Henrique destaca que alguns tipos de plasticidade, como a necessária para o armazenamento de um episódio de novela na memória, continua por toda a vida. Outros tipos de plasticidade são restritos a períodos iniciais, como o aprendizado de línguas e fonemas, visto que é muito mais difícil aprender a pronunciar o “th” na língua inglesa para adultos que para crianças.

“A ‘Plasticidade Neural’ envolve ainda outras células do sistema nervoso. Neurônios possuem prolongamentos longos (axônios) que conduzem um potencial elétrico até as sinapses. Tais axônios podem possuir um envoltório isolante elétrico (bainha de mielina – formada por diferentes células: Oligodendrócitos no Sistema Nervoso Central e Células de Schwann nos nervos do sistema nervoso periférico)”, pontua.

O professor revela que o grupo de pesquisa induz uma hemorragia cerebral em camundongos no dia do seu nascimento (que corresponde ao terceiro trimestre de gestação em humanos). “Fazemos isso tocando o crânio do animal com uma sonda de cobre resfriada a -55 graus centígrados por 5-15 segundos. A lesão por 5 segundos leva a uma malformação conhecida como polimicrogiria, enquanto a lesão por 15 segundos leva a malformação conhecida como esquizencefalia, ou fenda cortical, um quadro mais grave”.

Depois disso, pode-se observar uma hemorragia local, que leva a uma falta de oxigênio (hipóxia) sentida pelas células em desenvolvimento. Ao mesmo tempo, surgem células inflamatórias vindas da circulação que invadem o local para digerir células mortas. “Acreditamos que contribuem para uma maior morte de células neurais. Esse ambiente inflamatório se mantém até 12 dias após a hemorragia. No momento, estamos iniciando estudos para ver se o uso de um medicamento antiinflamatório é capaz de reduzir essa morte. Os neurônios que morreram recebiam contatos de outros neurônios de diferentes partes do cérebro”, frisa.
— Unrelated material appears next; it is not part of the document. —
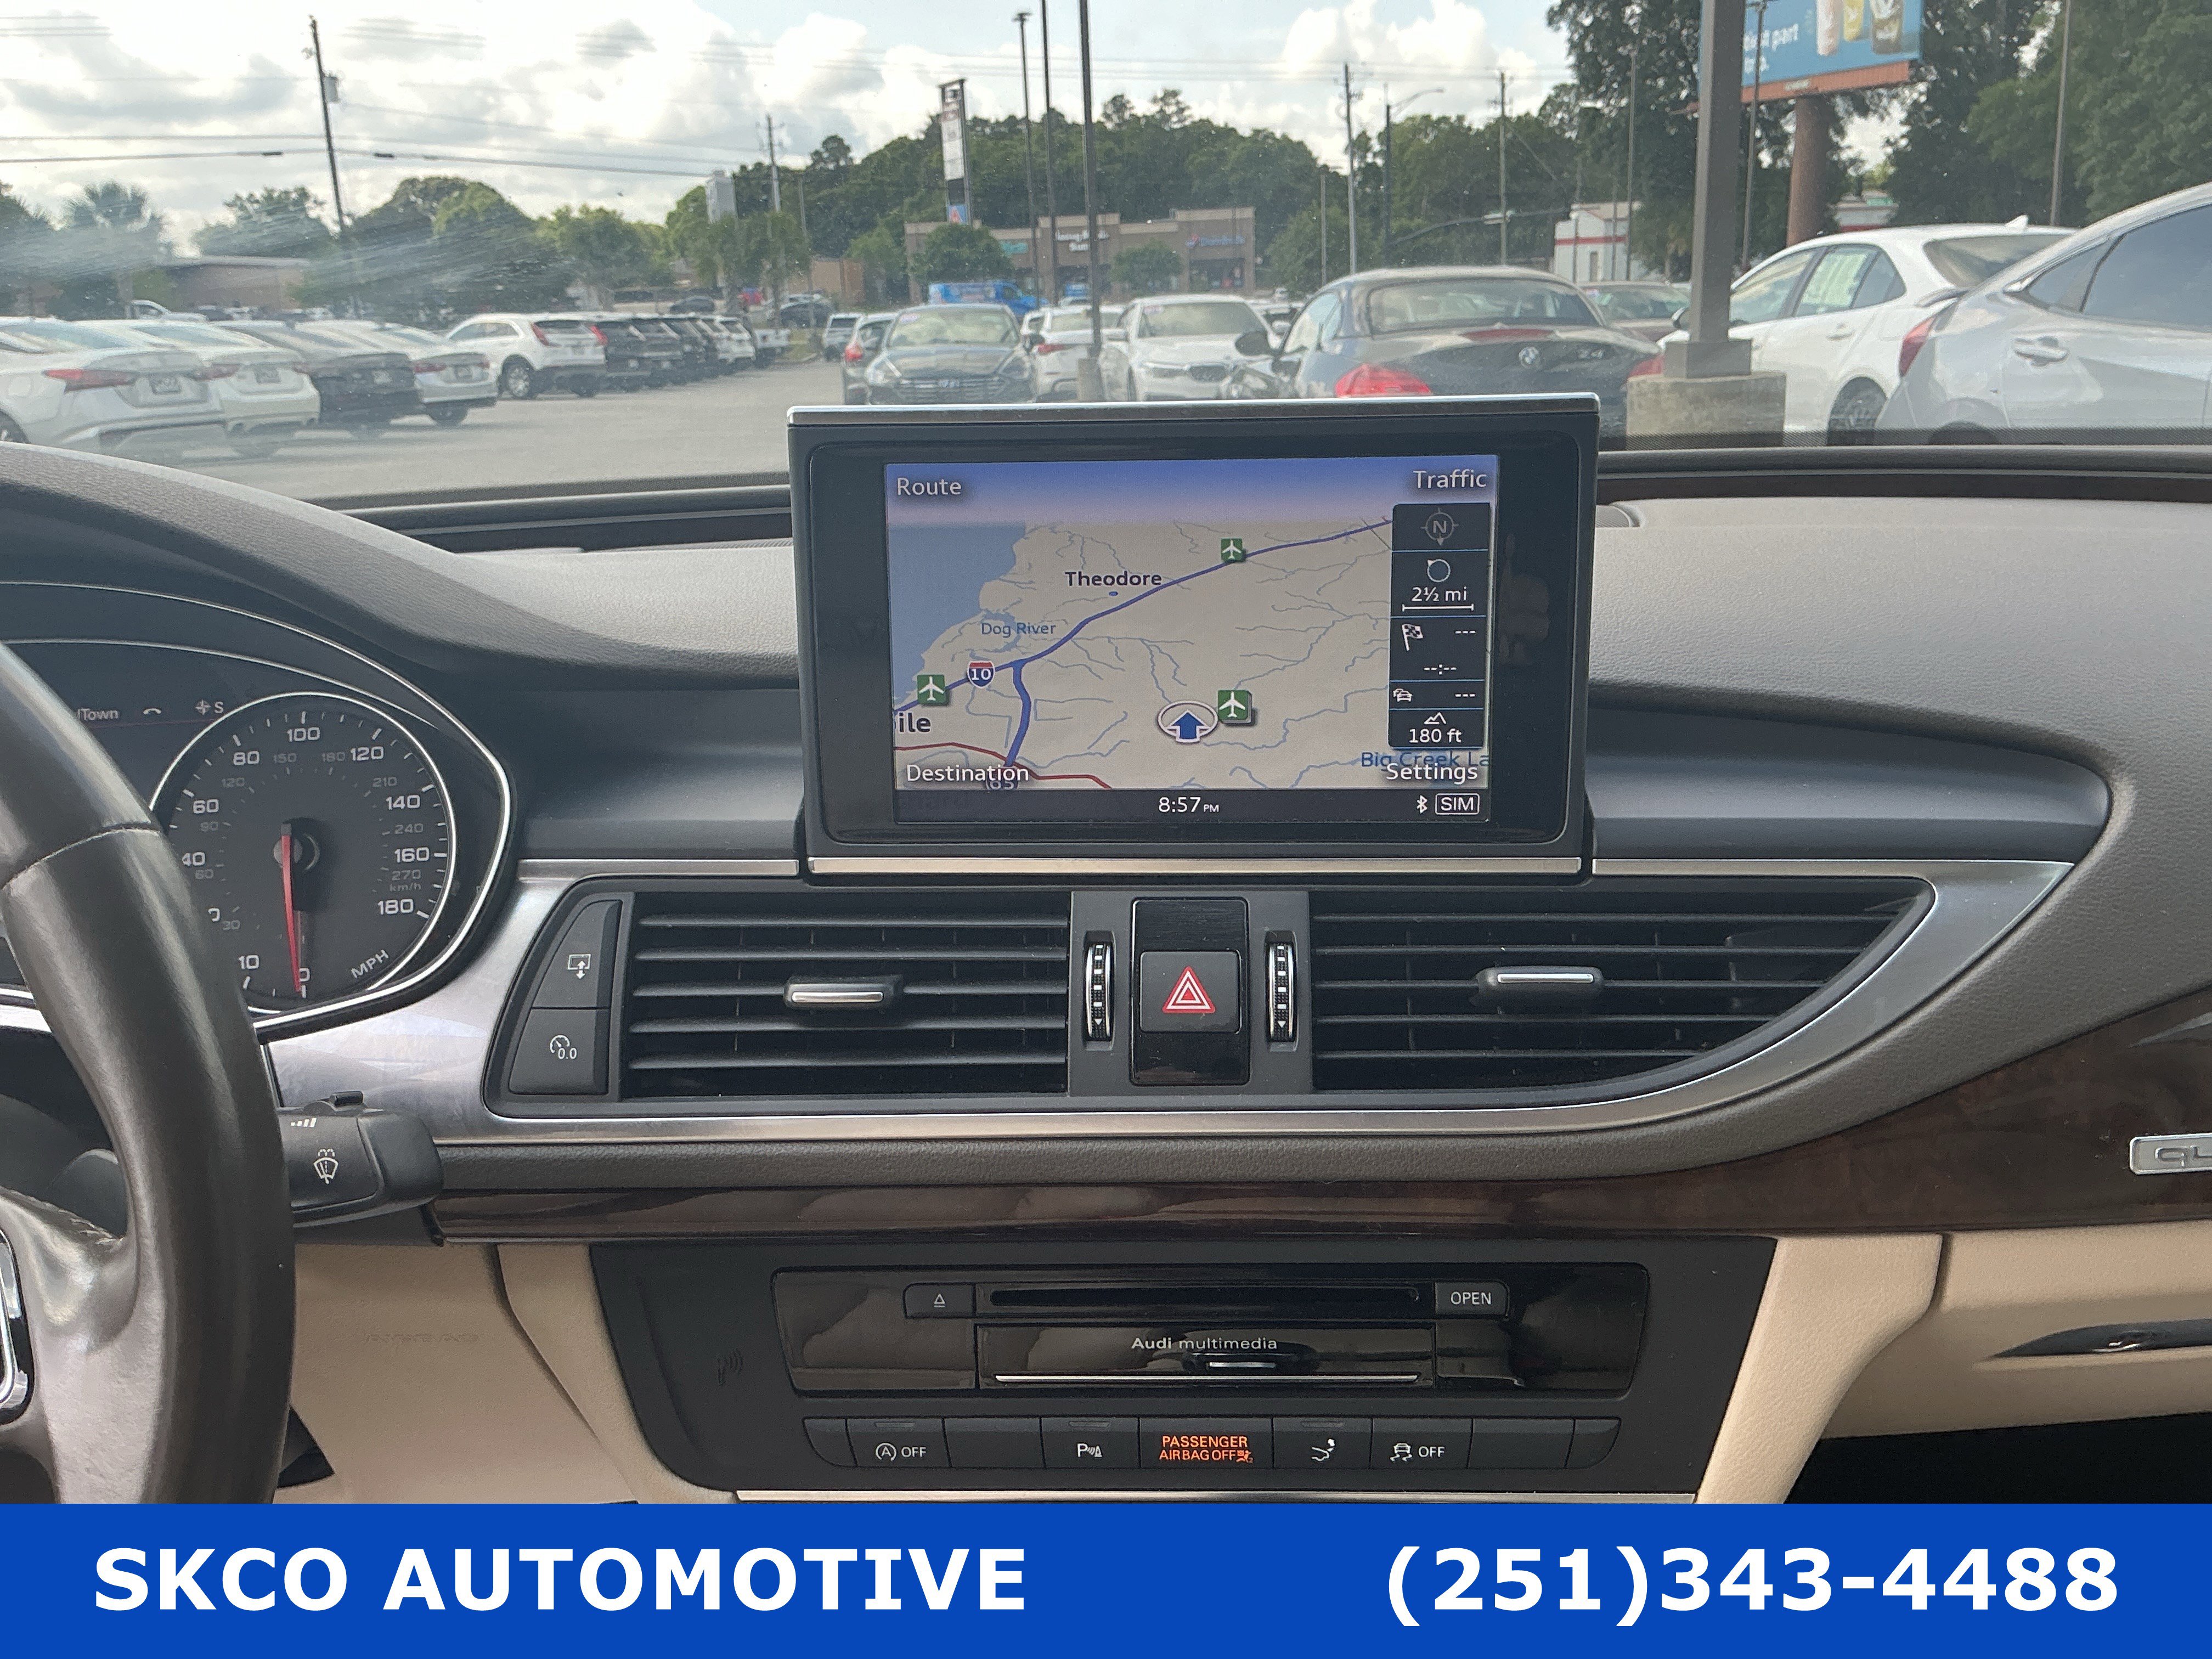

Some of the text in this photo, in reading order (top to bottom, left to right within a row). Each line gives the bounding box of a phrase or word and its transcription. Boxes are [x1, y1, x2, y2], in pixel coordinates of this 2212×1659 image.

Henrique esclarece que, esses contatos, buscam novos parceiros junto aos neurônios sobreviventes ao lado da lesão, formando diversas sinapses (plasticidade sináptica). “Acreditamos que esse aumento de sinapses pode levar a uma região mais excitável que o normal, podendo levar ao desenvolvimento de crises convulsivas e epilepsia. Não apenas as sinapses estão aumentadas ao lado da lesão, mas a mielina, que forma os isolantes elétricos dos axônios, também se desenvolve com maior intensidade, podendo aumentar a velocidade de condução dos neurônios e causar maior excitabilidade”.

Neste sentido, testes são realizados nos animais, para ver se apresentam maior probabilidade de convulsão. Animais com a malformação mais grave (esquizencefalia) apresentam maior probabilidade de uma crise convulsiva focal (crise mioclônica unilateral). Além disso, os animais com essa malformação também apresentam maior probabilidade de desenvolverem uma crise convulsiva fatal.

Henrique ressalta que a morte do neurônio pela hemorragia local durante o desenvolvimento, leva a uma inflamação e perda de neurônios, que acarreta em um processo plástico para preservar o número de sinapses que acaba por desenvolver regiões hiperexcitáveis, que contribuem para o aparecimento de convulsões. “Assim, estudamos a plasticidade não-adaptativa, que causa uma doença. Nossos estudos reproduzem o que observamos em pessoas, uma vez que malformações como as que estudamos estão relacionadas ao desenvolvimento de epilepsias e, diversas delas, não apresentam controle pelos medicamentos disponíveis. Pretendemos contribuir com o conhecimento dos mecanismos de desenvolvimento dessas epilepsias, para facilitar o desenvolvimento de novos medicamentos para o seu controle”, finaliza.